● Task to carry out:
Once the pictures are set aside, reproduce the entries below exactly.

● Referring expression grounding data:
=== Begin Enclosure ===

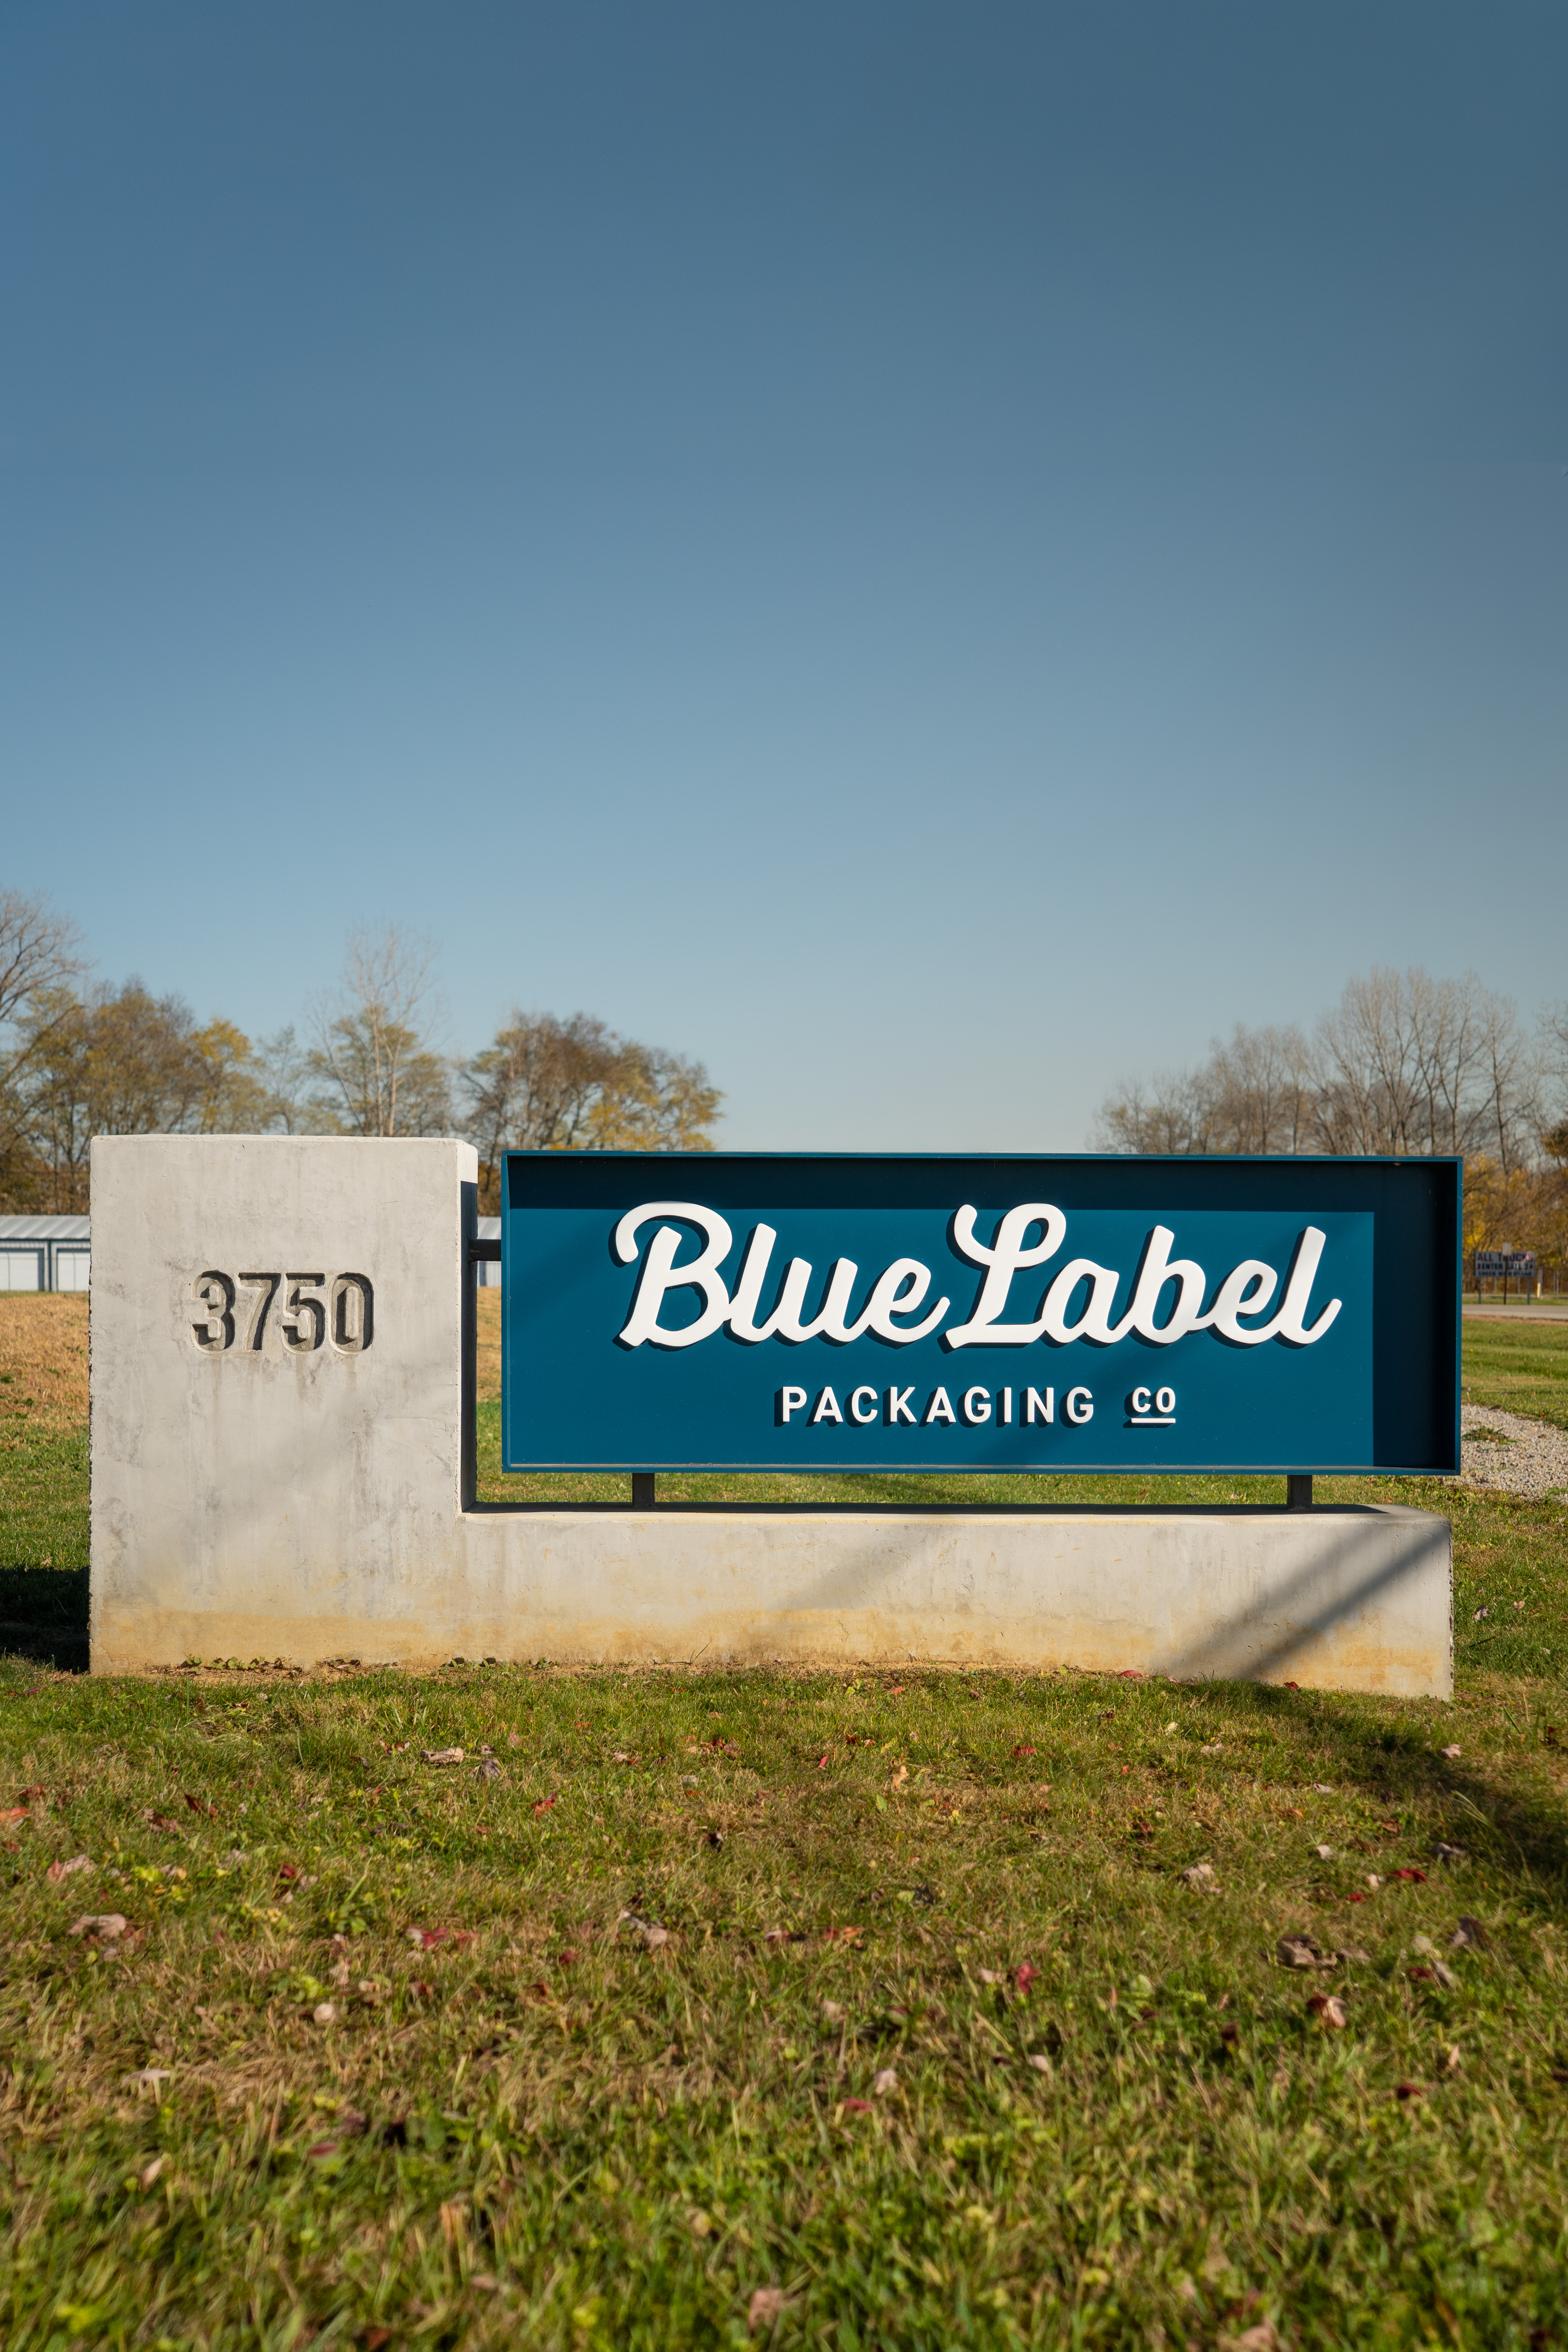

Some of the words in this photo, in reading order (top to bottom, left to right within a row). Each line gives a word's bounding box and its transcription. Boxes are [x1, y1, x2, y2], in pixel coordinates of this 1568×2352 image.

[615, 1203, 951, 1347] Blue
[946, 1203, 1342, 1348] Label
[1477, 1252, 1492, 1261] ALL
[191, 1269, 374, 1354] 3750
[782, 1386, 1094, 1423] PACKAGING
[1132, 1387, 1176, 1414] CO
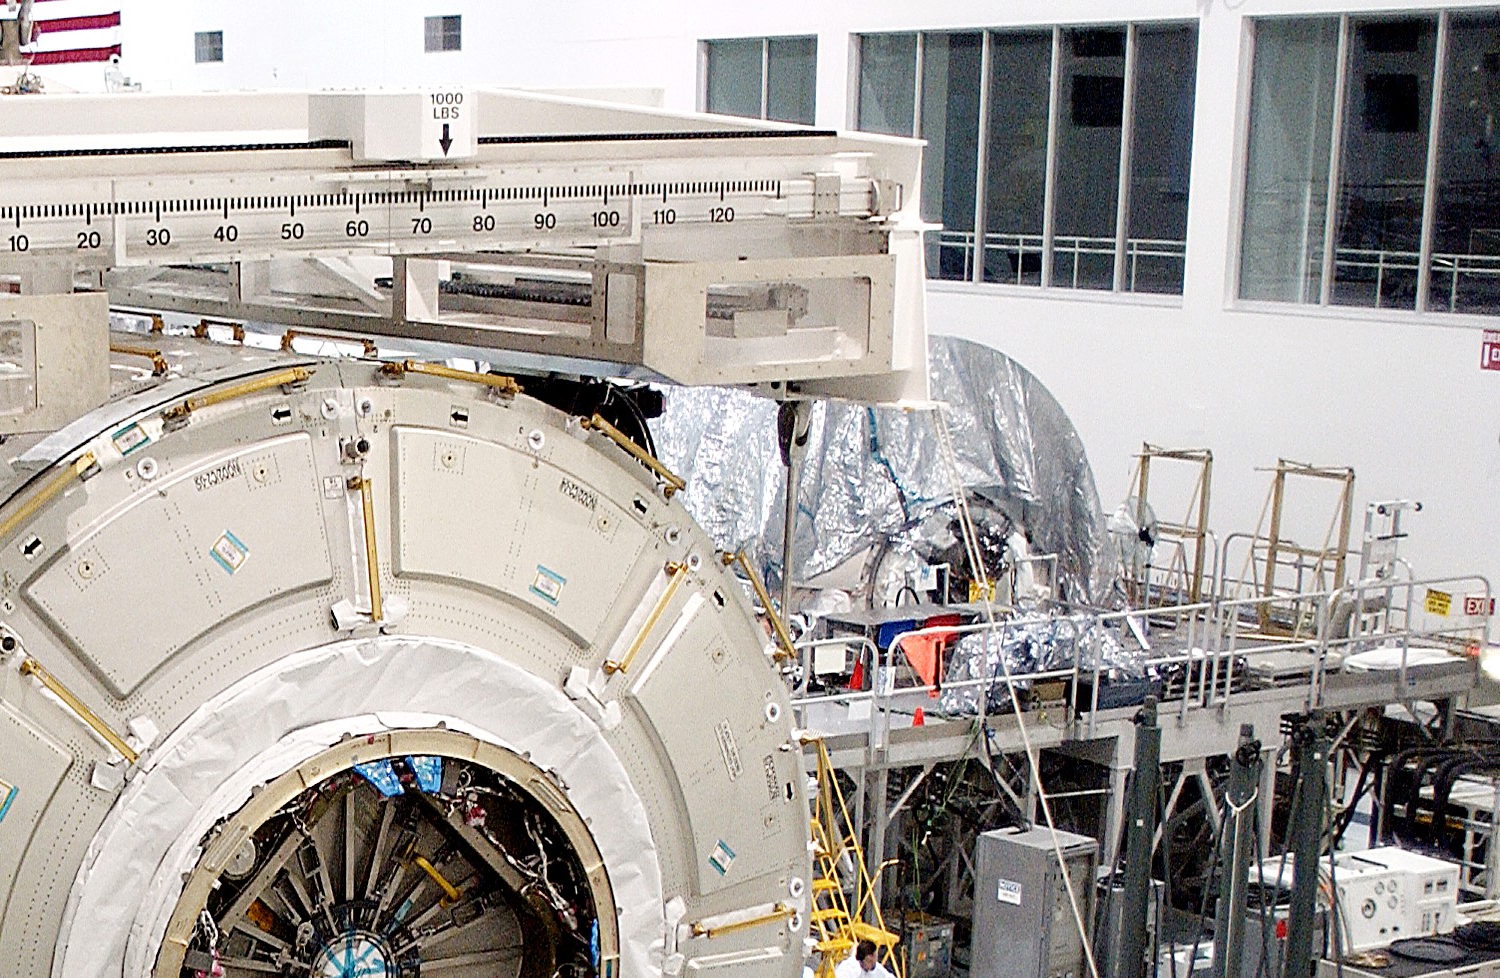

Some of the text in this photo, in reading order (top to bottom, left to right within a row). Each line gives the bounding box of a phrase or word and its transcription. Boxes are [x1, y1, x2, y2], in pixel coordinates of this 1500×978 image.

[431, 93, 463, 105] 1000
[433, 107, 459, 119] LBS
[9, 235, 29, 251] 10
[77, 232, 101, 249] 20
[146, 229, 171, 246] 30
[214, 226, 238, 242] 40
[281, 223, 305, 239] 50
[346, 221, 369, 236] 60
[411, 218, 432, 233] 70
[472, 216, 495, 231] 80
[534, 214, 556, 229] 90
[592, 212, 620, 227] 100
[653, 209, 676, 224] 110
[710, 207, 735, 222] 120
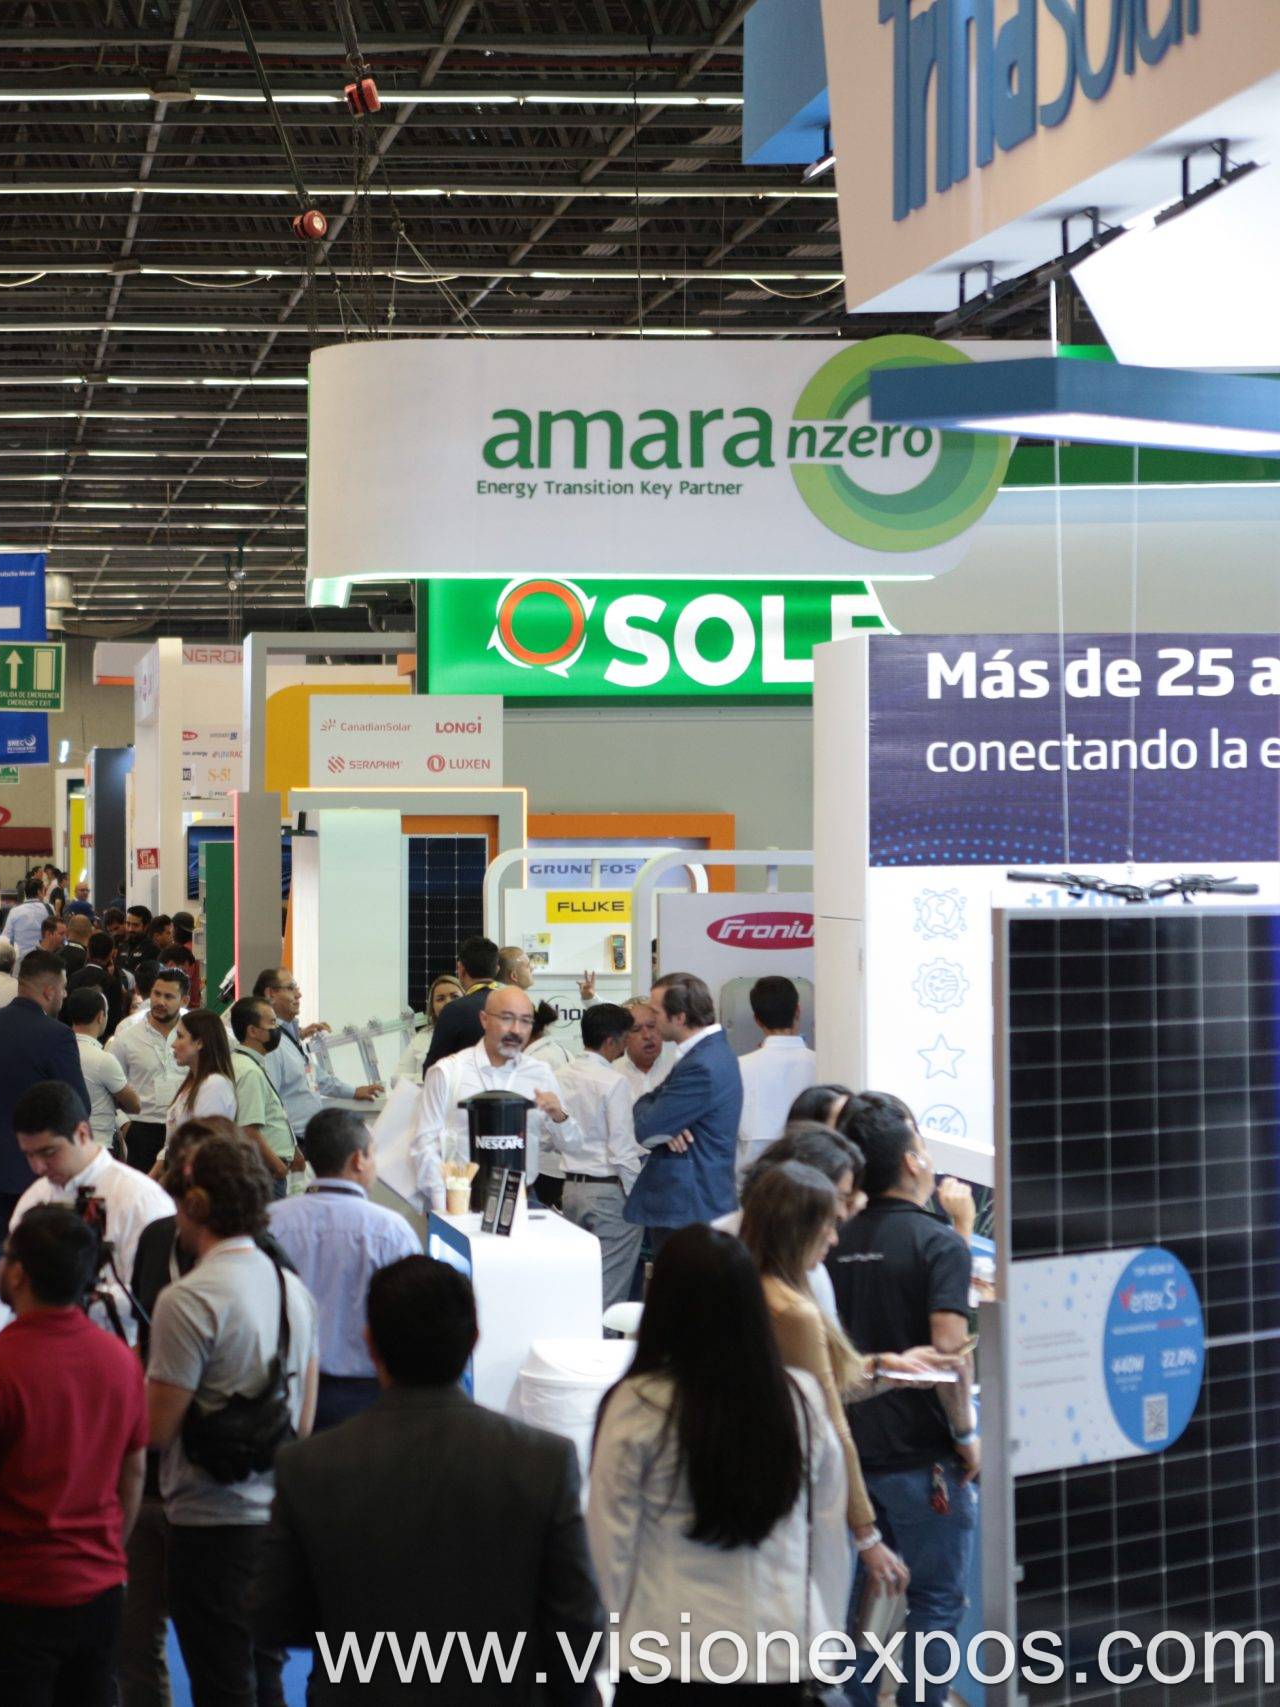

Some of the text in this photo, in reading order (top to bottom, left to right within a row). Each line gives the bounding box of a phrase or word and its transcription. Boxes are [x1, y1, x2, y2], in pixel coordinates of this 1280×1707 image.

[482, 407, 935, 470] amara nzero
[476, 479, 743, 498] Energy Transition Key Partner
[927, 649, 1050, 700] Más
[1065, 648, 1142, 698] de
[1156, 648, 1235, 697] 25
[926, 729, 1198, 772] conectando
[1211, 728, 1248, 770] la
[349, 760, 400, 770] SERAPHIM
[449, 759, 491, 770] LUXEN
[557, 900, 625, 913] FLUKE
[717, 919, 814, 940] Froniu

=== End Enclosure ===

● Written solution:
Some of the words in this photo, in reading order (top to bottom, left to right within a row). Each line gives a word's bounding box and its transcription. Boxes are [x1, y1, x2, y2], in pixel coordinates of this 1568×2352 image.

[615, 1203, 951, 1347] Blue
[946, 1203, 1342, 1348] Label
[1477, 1252, 1492, 1261] ALL
[191, 1269, 374, 1354] 3750
[782, 1386, 1094, 1423] PACKAGING
[1132, 1387, 1176, 1414] CO

Some of the text in this photo, in reading order (top to bottom, left to right within a row). Each line gives the bounding box of a phrase or word and its transcription. Boxes are [x1, y1, x2, y2], in pixel coordinates of this 1500×978 image.

[431, 93, 463, 105] 1000
[433, 107, 459, 119] LBS
[9, 235, 29, 251] 10
[77, 232, 101, 249] 20
[146, 229, 171, 246] 30
[214, 226, 238, 242] 40
[281, 223, 305, 239] 50
[346, 221, 369, 236] 60
[411, 218, 432, 233] 70
[472, 216, 495, 231] 80
[534, 214, 556, 229] 90
[592, 212, 620, 227] 100
[653, 209, 676, 224] 110
[710, 207, 735, 222] 120

Some of the text in this photo, in reading order (top to bottom, left to right within a row). Each line gives the bounding box of a phrase or word and its transcription. Boxes are [x1, y1, x2, y2], in pixel coordinates of this 1280×1707 image.

[482, 407, 935, 470] amara nzero
[476, 479, 743, 498] Energy Transition Key Partner
[927, 649, 1050, 700] Más
[1065, 648, 1142, 698] de
[1156, 648, 1235, 697] 25
[926, 729, 1198, 772] conectando
[1211, 728, 1248, 770] la
[349, 760, 400, 770] SERAPHIM
[449, 759, 491, 770] LUXEN
[557, 900, 625, 913] FLUKE
[717, 919, 814, 940] Froniu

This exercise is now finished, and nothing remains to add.